Landmark Brisbane Hotel Sells for $50 Million

Landmark

A Sydney-based hospitality group has swooped on a landmark riverside Brisbane hotel at the northern end of the city’s iconic Story Bridge.

Oscars Hotel Group—owned and operated by brothers Bill and Mario Gravanis—has paid $50 million for the Oakwood Hotel and Apartments.

The 11-storey accommodation asset, on a prominent 2966sq m corner site at 15 Ivory Lane, has been offloaded by Singapore’s Mapletree Investments, which purchased it in 2015 for $48 million.

Formerly the Adina Brisbane Hotel, its sits above the Howard Smith Wharves precinct and Crystalbrook Vincent Hotel—originally The Fantauzzo—that was purchased last year by Syrian billionaire Ghassan Aboud in a $70-million-plus deal.

The four-star Oakwood Hotel and Apartments comprises 162 suites, a bistro, business centre, gym and pool but its new owners are expected to undertake a major revamp to capitalise on its prime location within the popular riverside precinct.

Its latest change-of-hands adds momentum to the rising wave of southern property players seeking geographic diversification due to the impact of Covid-19 lockdowns in New South Wales and Victoria.

Industry experts predict the flow of capital into Queensland’s property sector will continue its groundswell over coming years in the lead-up to the 2032 Brisbane Olympics.

The Gravanis brothers—known as Sydney’s kings of hospitality with a portfolio of more than 30 venues across NSW—made their big move into Queensland in May, snapping up Long Island in the Whitsundays for circa $20 million.

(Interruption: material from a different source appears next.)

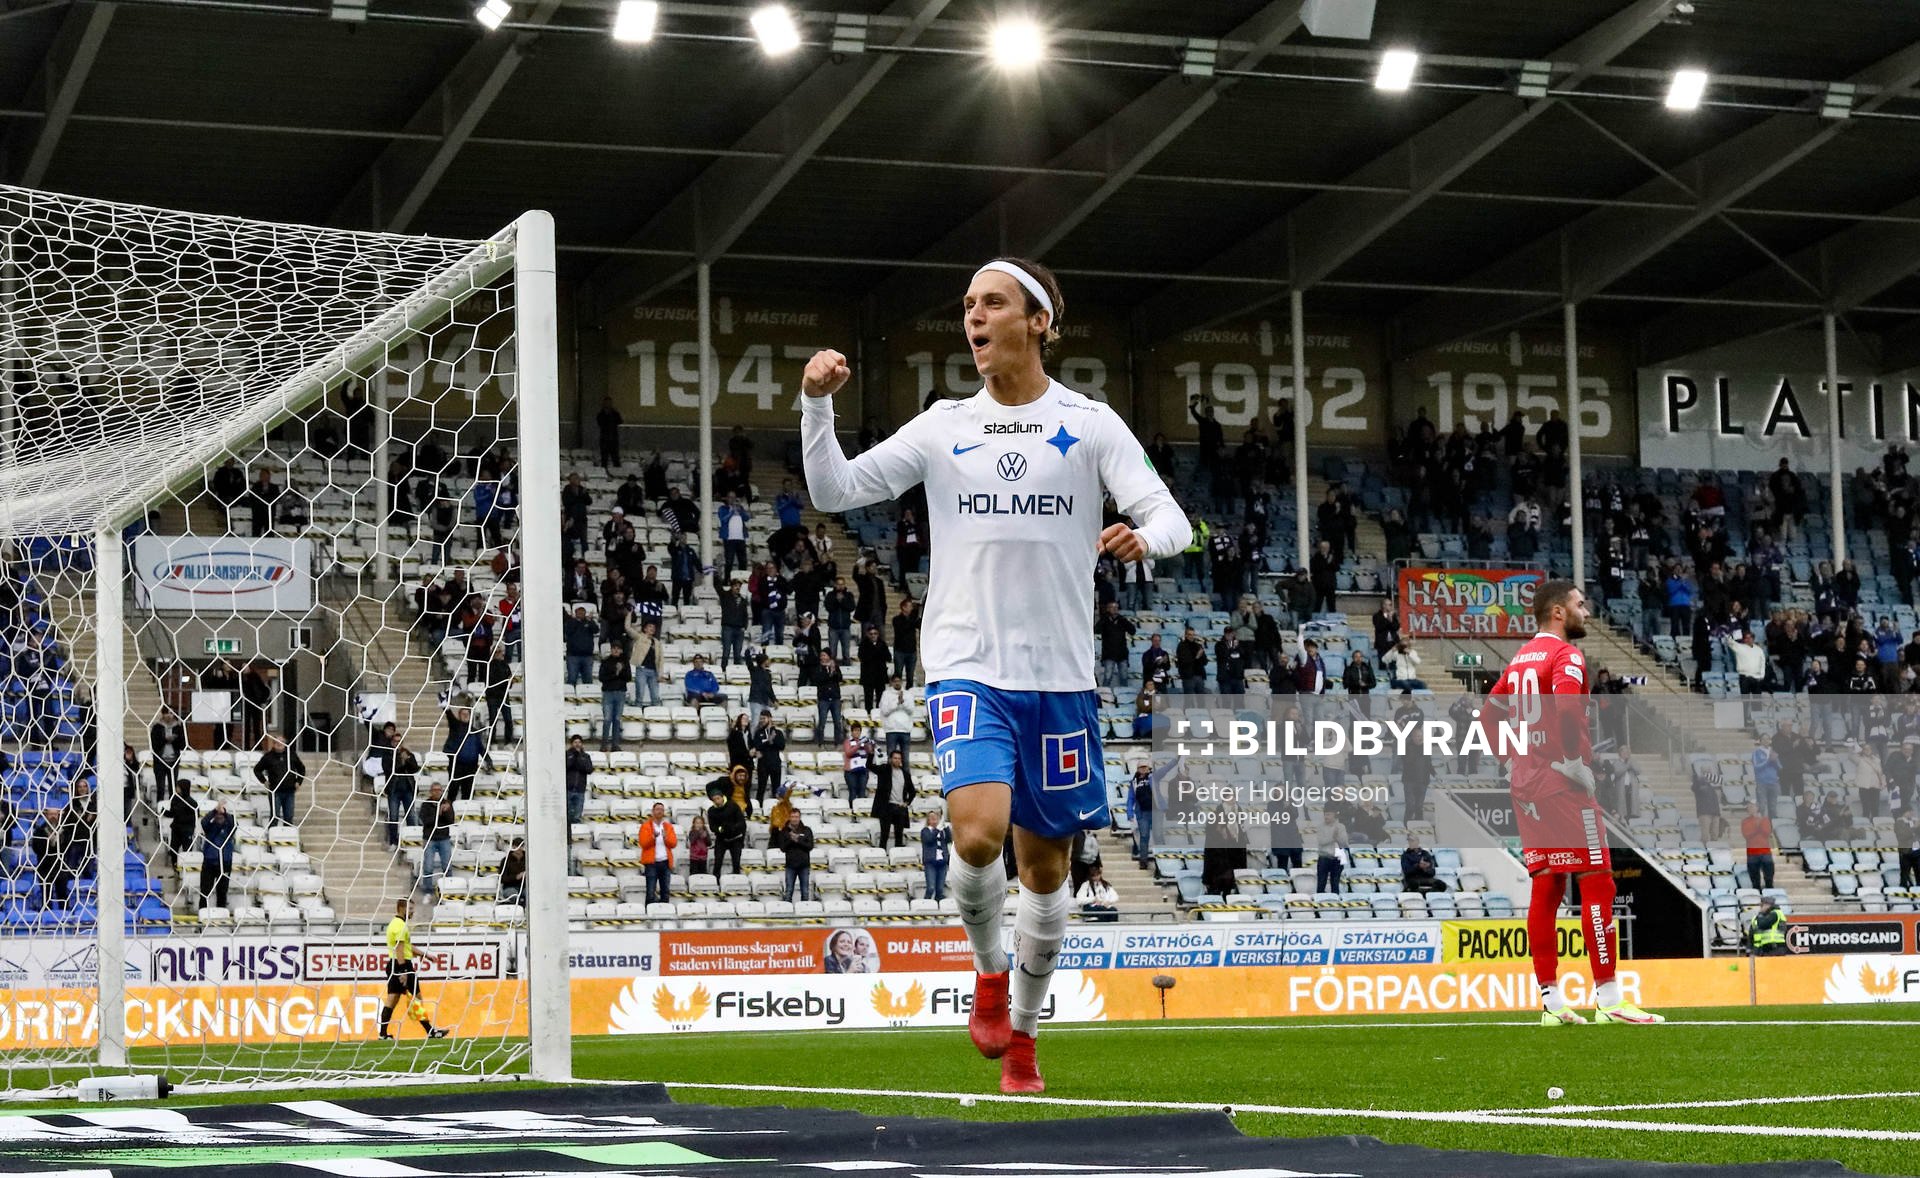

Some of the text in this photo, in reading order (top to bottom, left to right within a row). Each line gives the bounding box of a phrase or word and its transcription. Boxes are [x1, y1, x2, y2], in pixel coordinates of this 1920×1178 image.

They are planning a new resort project for the island off Airlie Beach.

Oscars Hotel Group was established in 1986 with the acquisition of a single pub in Sydney’s inner-west.

Its purchases of Brisbane’s Oakwood Hotel and Apartments and Whitsunday’s Long Island are part of a strategic expansion to gain northern exposure in the tourism and hospitality sector.

CBRE Hotel’s national director Wayne Bunz negotiated the deal.